__YOUR TASK__
The requested output is every line from the one with "Some of the words" through the last line below, printed exactly.

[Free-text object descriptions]

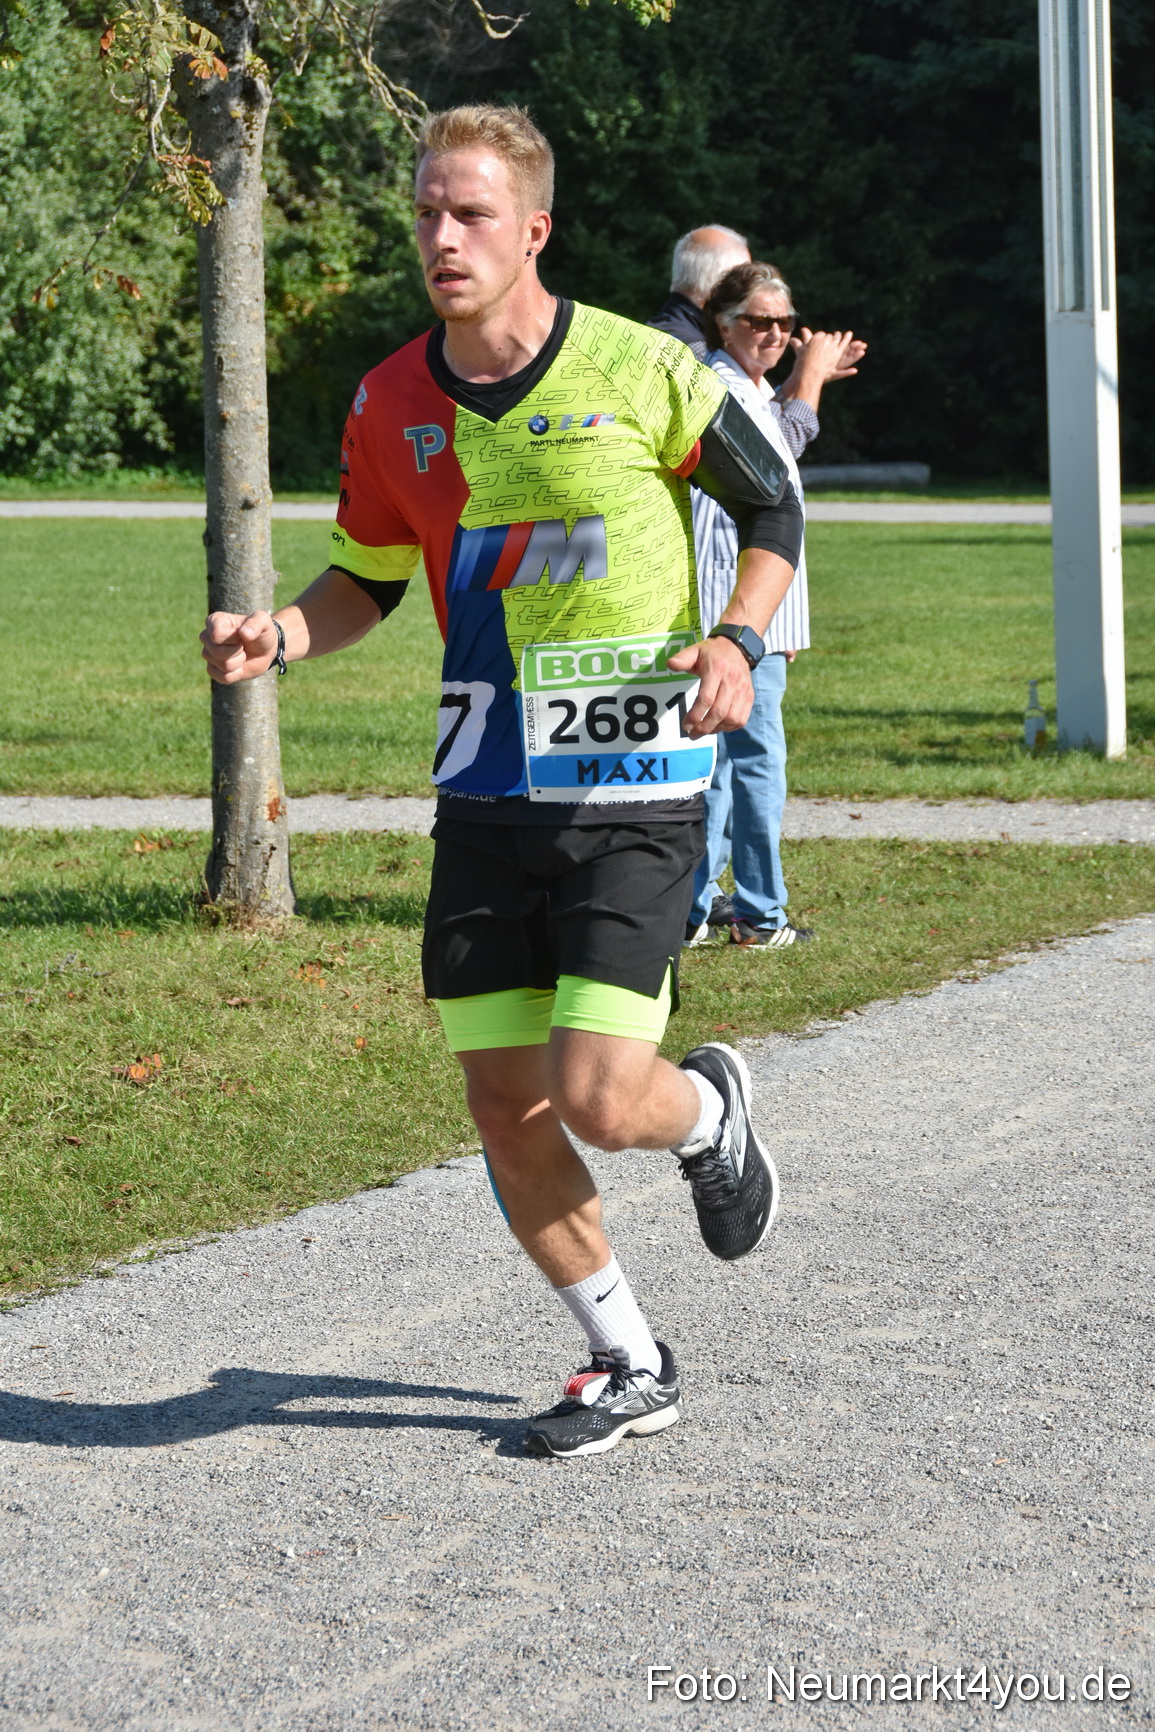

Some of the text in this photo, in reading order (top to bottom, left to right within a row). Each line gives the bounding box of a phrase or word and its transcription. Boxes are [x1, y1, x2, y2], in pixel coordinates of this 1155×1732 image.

[556, 435, 600, 446] NEUMARKT
[548, 691, 690, 744] 2681
[577, 757, 669, 784] MAXI
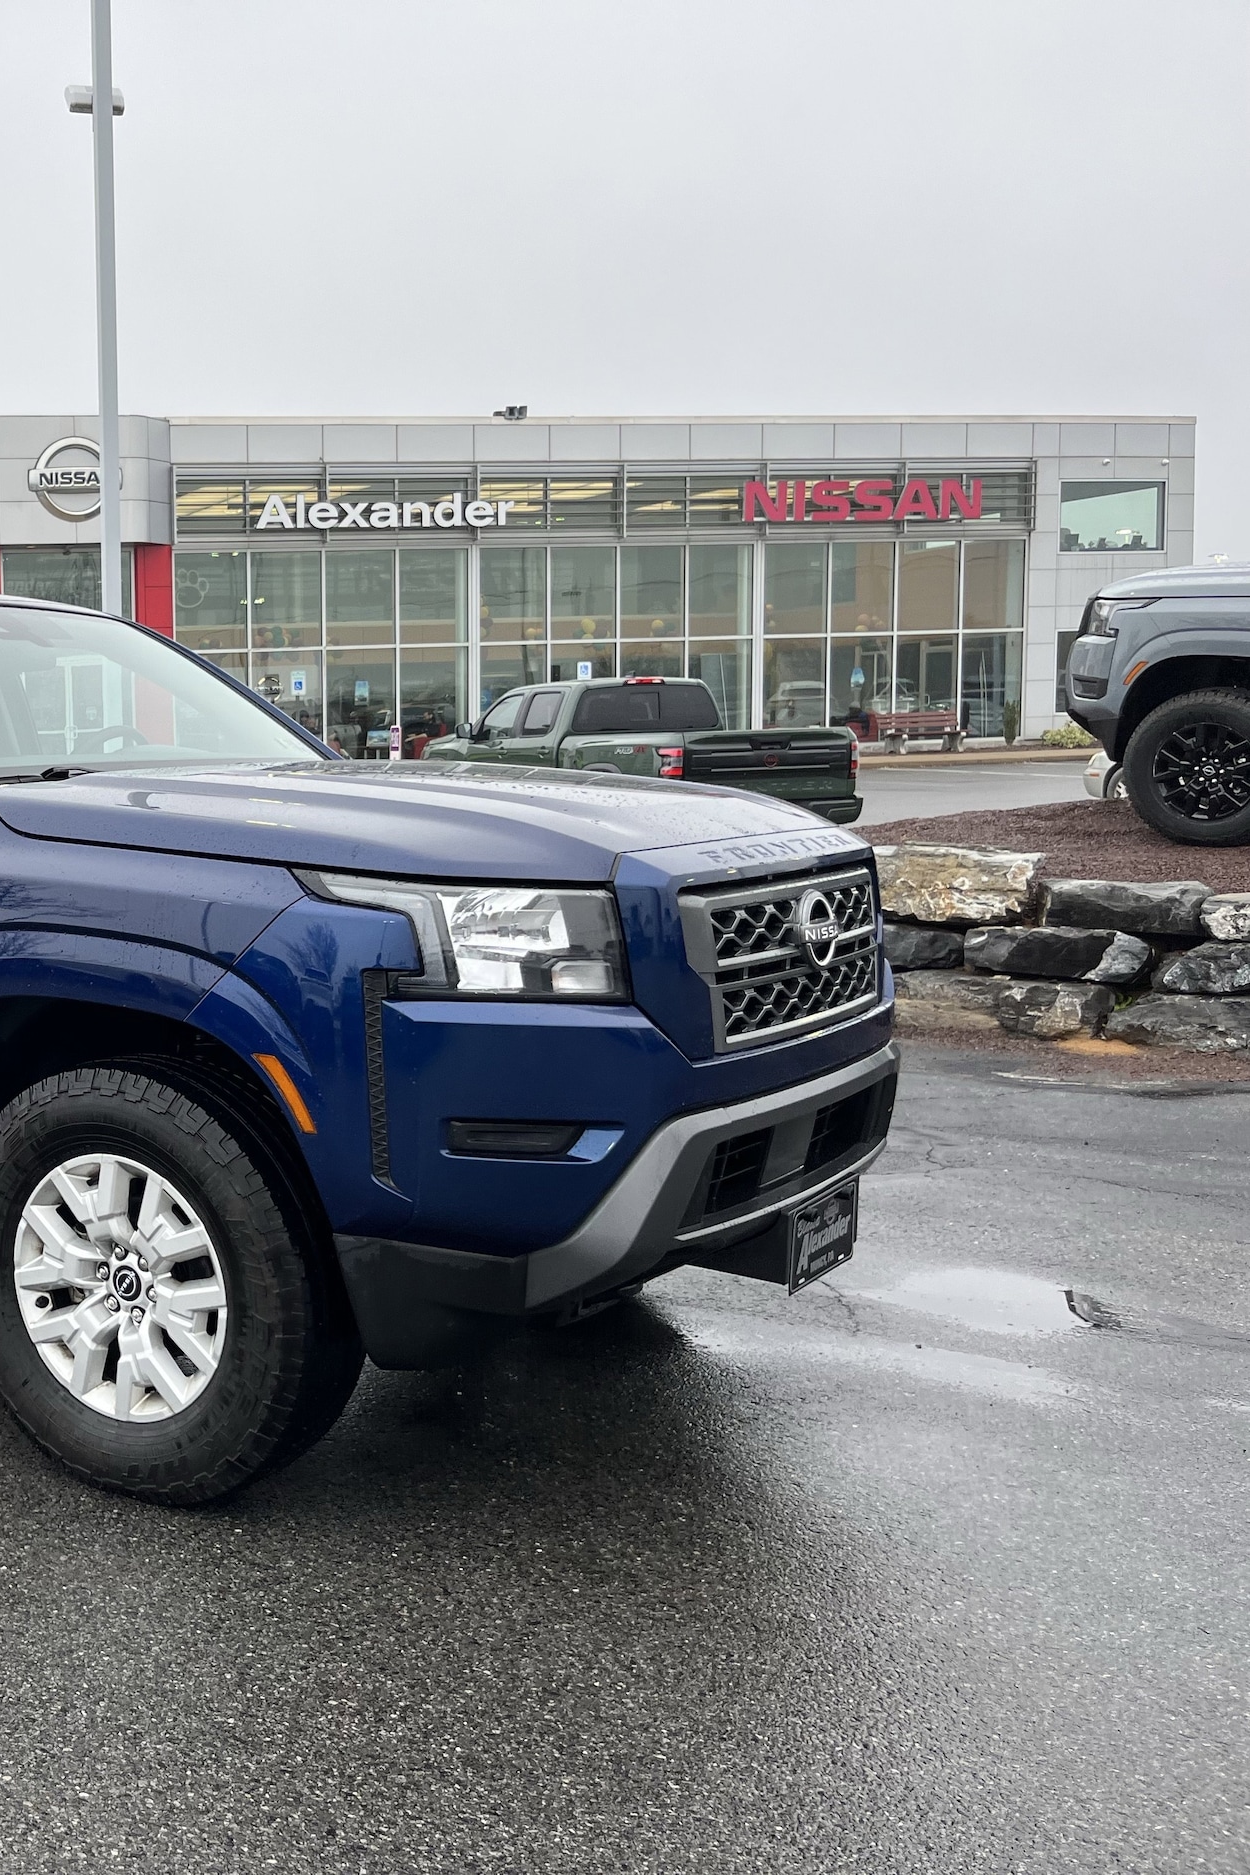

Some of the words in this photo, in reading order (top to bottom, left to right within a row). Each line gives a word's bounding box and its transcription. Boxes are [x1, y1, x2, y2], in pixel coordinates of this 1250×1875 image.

[38, 471, 100, 487] NISSA
[255, 493, 515, 530] Alexander
[742, 479, 983, 522] NISSAN
[697, 834, 853, 864] FRONTIER
[796, 1214, 851, 1275] Alexander

__EXPECTED OUTPUT__
Some of the words in this photo, in reading order (top to bottom, left to right within a row). Each line gives a word's bounding box and its transcription. Boxes are [x1, y1, x2, y2], in pixel coordinates of this 1250×1875 image.

[38, 471, 100, 487] NISSA
[255, 493, 515, 530] Alexander
[742, 479, 983, 522] NISSAN
[697, 834, 853, 864] FRONTIER
[796, 1214, 851, 1275] Alexander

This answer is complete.